Un bout de vie, par Magda

 

 Plusieurs pistes d'écriture : écrire une nouvelle avec une chute, ai présent de narration avec introduction d’autres temps.  Image ayant déclenché ce texte: « Le Cri » (Munch)

 

UN BOUT DE VIE                                                                                              MAGDA   -  4   mai 2011

 

Sur les bancs de  l’école, déjà,  Irène et Pierre apprécient leur proximité. Pendant la récréation, quelquefois, ils sont séparés. Mais c’est avec un plaisir réciproque qu’ils se retrouvent en concurrence pour des jeux d’équipes. Elle est la plus rapide des filles et Pierre le meilleur des garçons. Tant de jeux partagés créent une complicité certaine ;  si Irène se trouve embarrassée, voire réprimandée, Pierre vole à son secours avec autant de spontanéité que d’efficacité ; avec audace même,  à l’occasion.

L’adolescence  pointe son nez. Leur complicité s’affirme, affinités communes : goût du grand air,  de l’exercice physique, de la Nature et du Beau. Si Pierre gratte la guitare et chante, Irène l’accompagne de sa  voix  juste. Avec grâce et dynamisme elle pratique la Danse moderne. Lors de réunions entre copains,  ils se retrouvent souvent sur la piste et l’habitude de danser ensemble leur permet d’improviser : la drôlerie et l’humour qu’ils y mettent amusent les autres !  Adolescence bien installée maintenant ; lectures partagées, marguerite effeuillée, baiser effleuré.

Ils poursuivent leurs études ;  Irène se destine à l’enseignement (travail personnel important, longue recherche de documentation). Pierre vise la robotique, débouché assuré.  A Pierre détendu, rarement surchargé s’oppose Irène, laborieuse et souvent débordée. Le groupe d’amis d’enfance s’étiole quelque peu mais Pierre fait partie du nœud résistant ; au prix d’astuces parfois, il répond toujours présent alors  qu’Irène, bien souvent, décline  une invitation. Les examens, les saisons défilent et  chacun mène son projet avec bonheur. Dès aboutissement,  Irène et Pierre deviennent d’heureux parents ; ils créent rapidement une petite famille.
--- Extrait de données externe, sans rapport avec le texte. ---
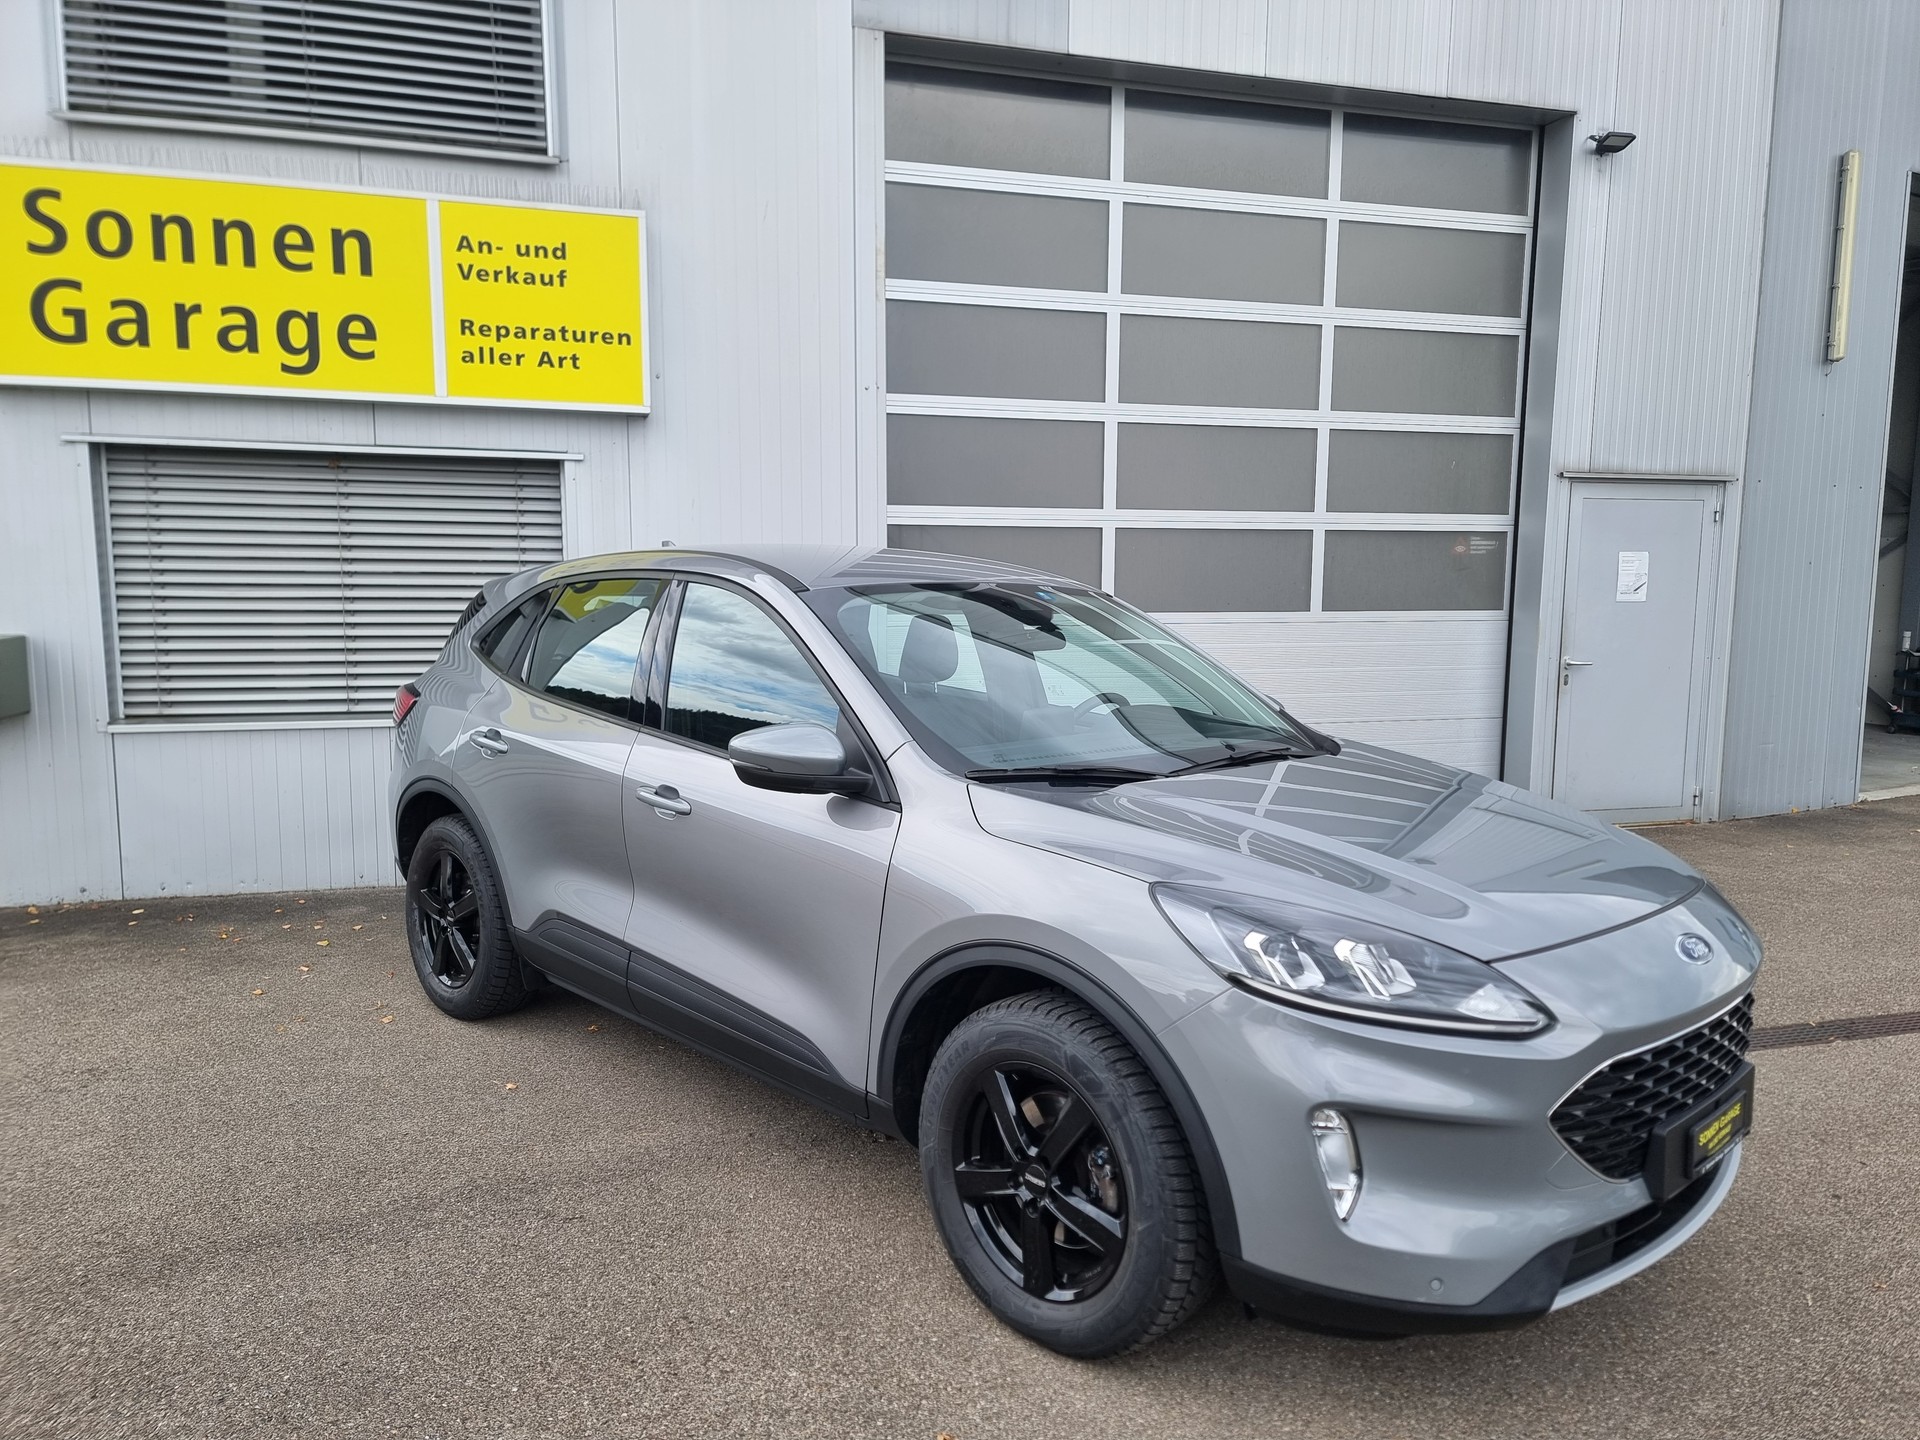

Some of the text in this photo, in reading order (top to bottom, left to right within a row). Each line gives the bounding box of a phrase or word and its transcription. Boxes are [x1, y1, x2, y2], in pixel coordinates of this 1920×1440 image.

[23, 188, 373, 277] Sonnen
[456, 235, 567, 261] An- und
[457, 263, 567, 288] Verkauf
[30, 278, 377, 376] Garage
[460, 318, 631, 346] Reparaturen
[461, 346, 580, 370] aller Art
[925, 1039, 970, 1126] ODYEAR
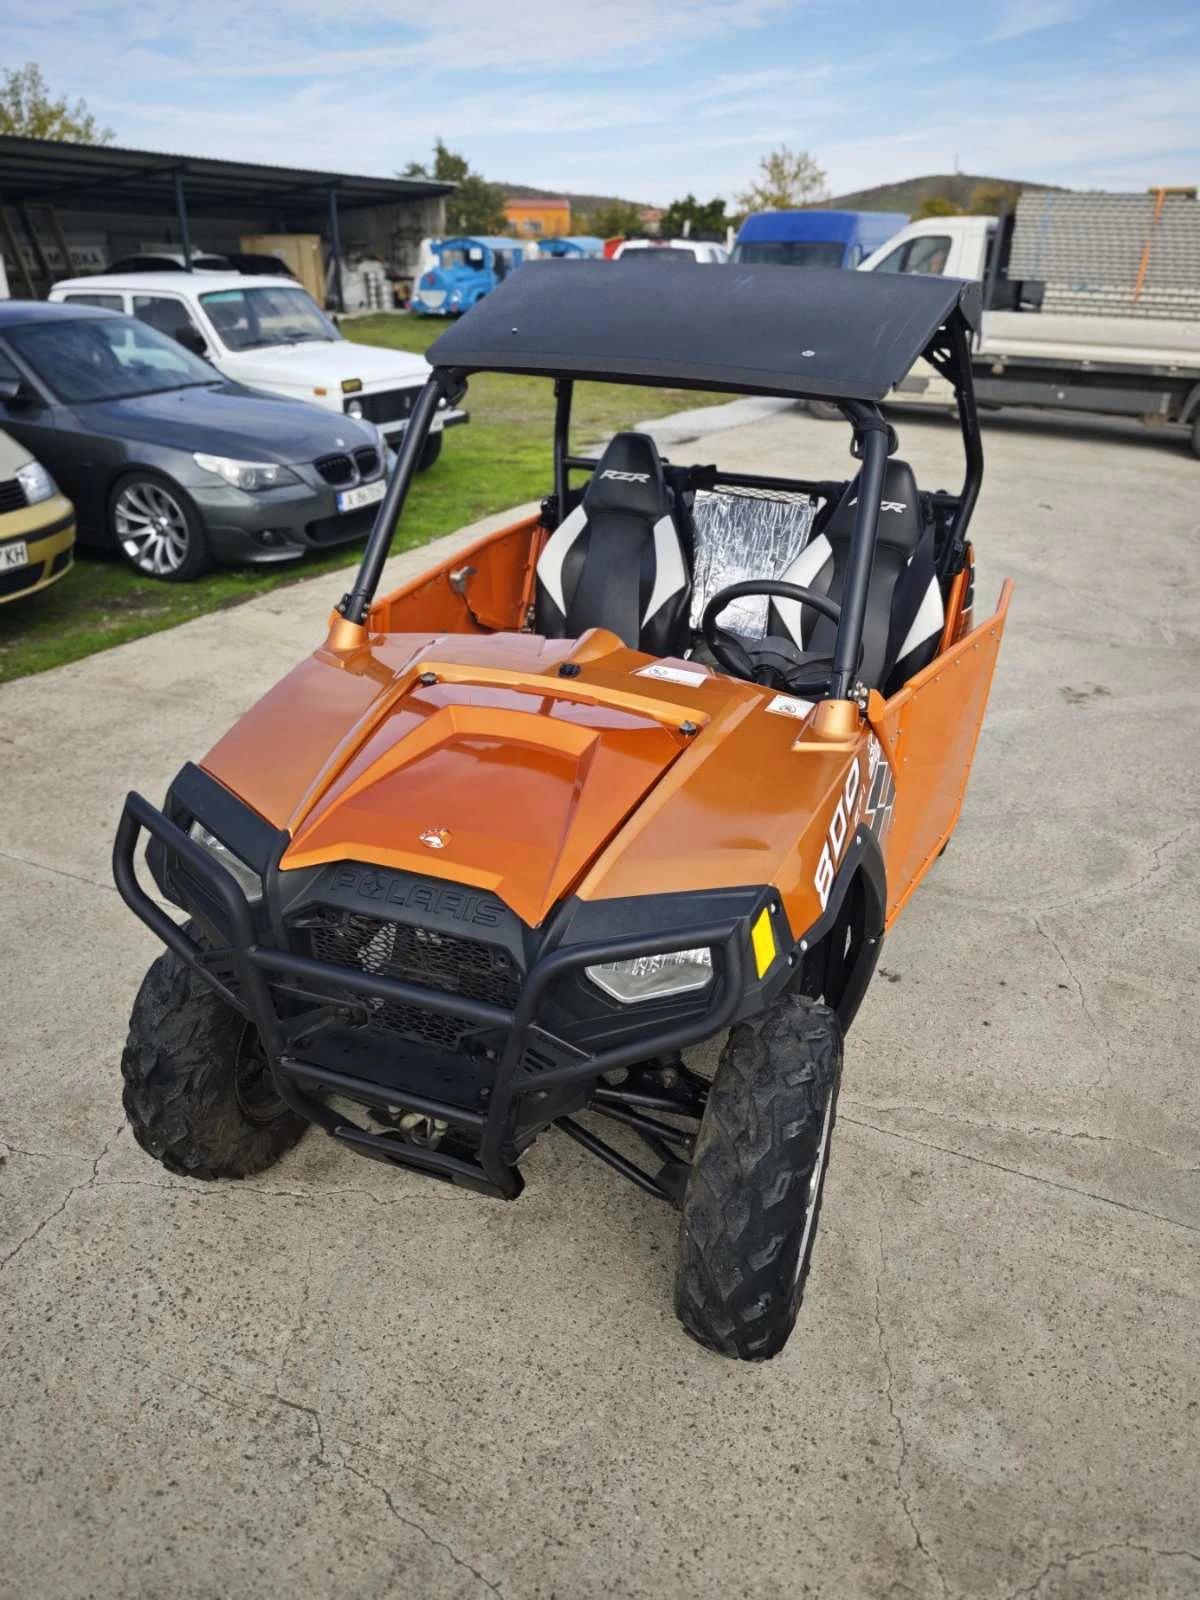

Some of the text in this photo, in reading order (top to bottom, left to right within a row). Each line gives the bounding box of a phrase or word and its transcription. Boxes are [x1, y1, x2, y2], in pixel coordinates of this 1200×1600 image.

[600, 469, 650, 483] RZR
[814, 757, 860, 912] 800
[331, 868, 505, 928] POLARIS
Une petite famille à laquelle Irène donne tout son temps disponible. Pierre, chercheur, bénéficie d’un horaire très souple. Rapidement, il a su se mettre en avant dans son milieu  professionnel. Son temps de loisirs s’en trouve accru et il pratique diverses activités : club vélo, stages de danses  de salon, échecs,  tir à l’arc,  réunions plus ou moins professionnelles. Il réserve du  temps parfois pour jouer avec les enfants qui l’adorent. La vie est belle …. Maman est là pour le confort matériel, pour les limites permises par une sérieuse éducation, pour quelques jeux dans la cuisine pendant l’épluchage des légumes,  pour l’histoire et le bisou-câlin du soir…Irène aimerait bien quelque soulagement dans ses tâches coutumières, mais il lui a été  impossible de trouver un service satisfaisant et Pierre  ne sait pas ou n’aime pas ou a  justement une obligation professionnelle. Bien que compréhensive et toujours accueillante, Irène souffre de ce quotidien besogneux. Mais l’harmonie de la famille, les retrouvailles de la nuit avec ses serments d’amour effacent la peine de la journée.
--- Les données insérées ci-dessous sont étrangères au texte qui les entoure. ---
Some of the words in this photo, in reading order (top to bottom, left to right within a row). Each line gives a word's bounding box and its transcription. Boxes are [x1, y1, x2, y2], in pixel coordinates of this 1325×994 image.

Peu à peu, pour Irène les anciennes relations se sont espacées ou ont disparu. Pierre en a créées de nouvelles, auxquelles sa femme est totalement étrangère ; elle n’en connaît l’existence que lorsque Pierre avertit qu’il rentrera très tard ce soir,  ou lorsque le téléphone sonne et que Pierre y répond discrètement. Mais l’harmonie du foyer,  les retrouvailles de la nuit… Tant et si bien  que la famille s’agrandit encore pour le bonheur de tous.

Trois jeunes enfants de cinq et  trois ans  plus un nouveau né, ça peut occuper à plein temps ! Pierre et Irène réfléchissent ensemble, pèsent le temps nécessaire, le mieux-être des enfants, utilisent aussi la calculette pour finalement décider une mise en disponibilité d’Irène.  Les trois paires de menottes font une ronde charmante autour du sourire réconfortant de Maman. Irène est rayonnante et Pierre soulagé par une sage décision commune.
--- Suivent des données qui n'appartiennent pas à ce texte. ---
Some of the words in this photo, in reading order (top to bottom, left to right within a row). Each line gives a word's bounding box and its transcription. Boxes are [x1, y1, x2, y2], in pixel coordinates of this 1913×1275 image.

Bientôt, Irène ne peut s’empêcher de remarquer avec étonnement, que contrairement à ce qu’elle craignait la perte de salaire ne se fait pas  sentir ; très rapidement Pierre pourvoit encore plus  largement aux dépenses nécessaires ; du luxe même de temps en temps avec un très bon restaurant, une garde d’enfants, un petit week-end dans les environs. Bref, la belle vie ! Irène se régale d’éduquer ses enfants, de jouer avec eux, de retrouver Pierre le soir (très tardivement de plus en plus souvent) Semaines et mois s’écoulent ainsi pendant lesquels, Irène organisée, nage en plein bonheur.

Mais le « métier » lui manque ! Tous ces enfants, anciens élèves, caracolent dans ses souvenirs ; la satisfaction ou la déception même qu’ils lui apportaient se manifeste par une espèce de « vide », comme une lacune qui veut être comblée ! Les échanges brefs mais conviviaux entre collègues, souvent intéressants en information ou en approfondissement, entretenaient par les affinités,  des liens  bien présents dans sa tête et dans son cœur. Elle ne peut plus  discuter de l’actualité, pas même de la visite de policiers pour  l’enquête de voisinage au sujet du braquage de la banque proche ; elle est souvent endormie lorsque tard le soir, Pierre regagne la maison.

Un sentiment d’isolement s’empare d’elle  peu à peu. Plus de sorties avec des couples amis pour partager un spectacle, un concert ou quelques danses ; plus d’invitations à recevoir ou à donner, plus d’échanges…Par hasard, il y a deux jours, Irène a croisé  Pierre à une terrasse de café et  prenant un verre avec un monsieur qu’elle ne connaissait pas. Les présentations ont été rapidement faites, Pierre ne semblant pas désireux de s’y attarder.  Inattendue cette rencontre, plus surprenante encore par l’heure, bien postérieure à celle de  la sortie du personnel du CNRS. Ce soir-là, Pierre est rentré plus tôt ! Alors, bien que cette nouvelle relation  ne lui ait pas paru particulièrement  sympathique, Irène  a proposé de l’inviter ainsi que son épouse pour un « apéro » soit à la maison soit à l’extérieur. Pierre n’a pas donné son assentiment : relation très superficielle,  épouse  jamais rencontrée, agenda chargé ; il y avait mille raisons…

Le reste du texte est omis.